You're making attestation and DRM key provisioning sound far worse than it is. It's not fingerprinting and it doesn't give them another way to track users in practice. If services want to share data with Google then they don't need any of this to do it and it doesn't inherently result in anything being shared with them that's in any way useful. We have a planned feature for providing a DRM toggle but it's nearly entirely wanted for security, not privacy, and there are bigger security features to implement. There are many planned privacy features which would make a major impact rather than near zero as this would.

Preventing fingerprinting by websites is a very hard problem especially considering things like using timing and performance measurements for it. That's going to be a priority for us. Doing it for native apps would require a massive amount of changes to get anywhere close to websites. We could add 100 features reducing fingerprinting for native apps without accomplishing anything significant. We're focused on privacy features with a larger impact.

    > Blocking access to attestation or DRM will prevent using the functionality of the app depending on it or the whole app unless it's implemented incorrectly.
which is what the user would want or be fine with in this case... present the option.

    > That's not how the hardware key attestation system works. Only key provisioning uses their service and if you don't trust their separation of the provisioning with the frontend, that's fine since we run it through our own frontend by default so they can't connect an IP with the provisioned key which would be the only real privacy issue.
you appear to not know how it works, which doesn't inspire confidence.
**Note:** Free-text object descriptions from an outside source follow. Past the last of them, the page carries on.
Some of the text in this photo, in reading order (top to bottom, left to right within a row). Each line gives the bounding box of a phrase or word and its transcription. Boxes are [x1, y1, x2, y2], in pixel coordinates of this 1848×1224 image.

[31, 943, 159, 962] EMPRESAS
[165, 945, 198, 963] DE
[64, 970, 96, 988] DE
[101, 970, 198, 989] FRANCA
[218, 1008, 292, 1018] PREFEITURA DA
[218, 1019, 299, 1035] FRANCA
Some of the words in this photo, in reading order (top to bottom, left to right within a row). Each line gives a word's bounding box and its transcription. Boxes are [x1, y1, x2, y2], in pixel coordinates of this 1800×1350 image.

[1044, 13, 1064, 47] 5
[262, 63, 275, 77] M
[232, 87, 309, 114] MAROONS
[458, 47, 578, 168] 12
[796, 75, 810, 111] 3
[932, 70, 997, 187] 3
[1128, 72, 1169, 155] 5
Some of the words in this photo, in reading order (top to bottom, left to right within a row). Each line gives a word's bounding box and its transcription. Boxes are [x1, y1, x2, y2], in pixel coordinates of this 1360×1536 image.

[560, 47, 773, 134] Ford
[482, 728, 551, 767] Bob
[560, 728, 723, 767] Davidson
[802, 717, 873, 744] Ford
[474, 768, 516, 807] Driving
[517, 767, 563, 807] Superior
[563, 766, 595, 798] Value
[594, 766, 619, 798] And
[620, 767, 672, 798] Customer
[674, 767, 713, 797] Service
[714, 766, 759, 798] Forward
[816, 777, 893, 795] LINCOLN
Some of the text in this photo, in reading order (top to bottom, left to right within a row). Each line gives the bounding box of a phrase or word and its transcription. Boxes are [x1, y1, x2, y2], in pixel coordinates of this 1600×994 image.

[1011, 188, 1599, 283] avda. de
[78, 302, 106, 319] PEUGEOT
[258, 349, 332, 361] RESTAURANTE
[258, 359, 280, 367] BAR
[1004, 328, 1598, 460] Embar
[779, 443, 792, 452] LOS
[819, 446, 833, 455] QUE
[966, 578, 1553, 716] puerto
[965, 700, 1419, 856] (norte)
both remote attestation packets and DRM license request responses contain a unique hardware identifier that can be extracted with knowledge of the right secret information.

in the case of attestation, privacy CA and the verifier must collude to do this (technically, you need the ephemeral key provisioning packet + attestation packet + secrets). blind signatures were proposed to make this impossible and REJECTED. using a proxy/VPN does not prevent having your unique hardware identifier be attributed to the attestation in this scenario. also note how when you attest to google both the CA and verifier are one and the same...

with DRM I'm not even aware of any effort to not directly expose the KeyBox public key to a license server, and ANY app can make use of DRM API. you do need the license server's private key to extract the identifier however.